KKHYA/qwen3-1.7b-fft-coding
KKHYA/qwen3-1.7b-fft-coding is a 2 billion parameter language model, fine-tuned from Qwen/Qwen3-1.7B, specifically optimized for coding tasks. This model leverages a 32768 token context length and is trained on specialized datasets including mft_tulu3_personas_code, mft_evol_codealpaca, and mft_codefeedback. It is designed to excel in code generation and understanding, making it suitable for various programming-related applications.
Loading preview...
Model Overview
KKHYA/qwen3-1.7b-fft-coding is a 2 billion parameter language model, fine-tuned from the Qwen3-1.7B architecture. This model has been specifically adapted for coding tasks through extensive training on a curated set of code-centric datasets.
Key Capabilities
- Code Generation: Optimized for generating various programming language constructs and solutions.
- Code Understanding: Enhanced ability to interpret and process code-related prompts.

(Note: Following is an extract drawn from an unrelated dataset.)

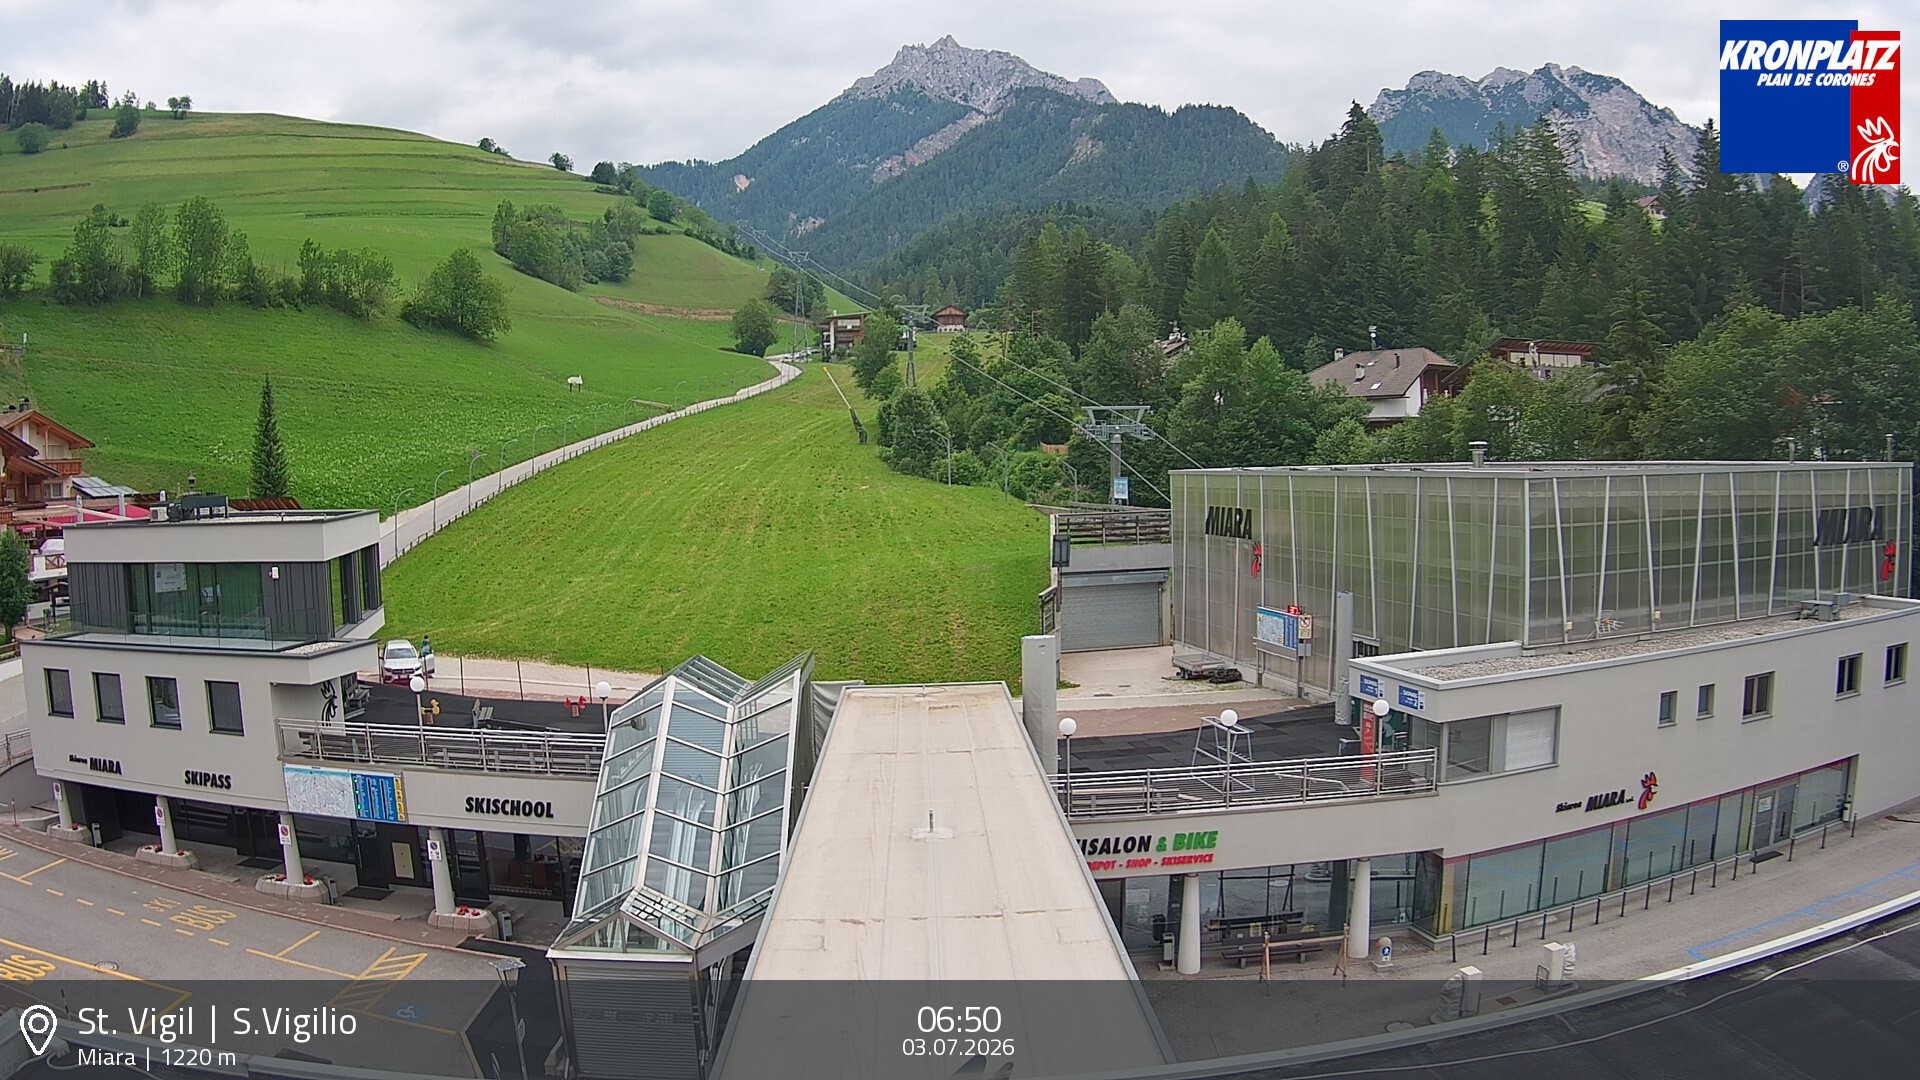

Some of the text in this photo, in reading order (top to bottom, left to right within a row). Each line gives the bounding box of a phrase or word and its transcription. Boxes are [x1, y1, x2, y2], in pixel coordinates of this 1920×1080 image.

- Extended Context: Features a substantial 32768 token context window, beneficial for handling larger codebases or complex programming problems.
Training Details
The model was fine-tuned using a learning rate of 1e-05, a total batch size of 128, and a cosine learning rate scheduler over 4 epochs. The training incorporated an AdamW optimizer with specific beta and epsilon parameters. The training utilized a multi-GPU setup with 8 devices.
Good For
- Code Assistants: Developing tools that assist developers with writing or debugging code.
- Automated Code Generation: Tasks requiring the creation of code snippets or functions based on natural language descriptions.
- Educational Tools: Applications for teaching programming concepts or providing coding exercises.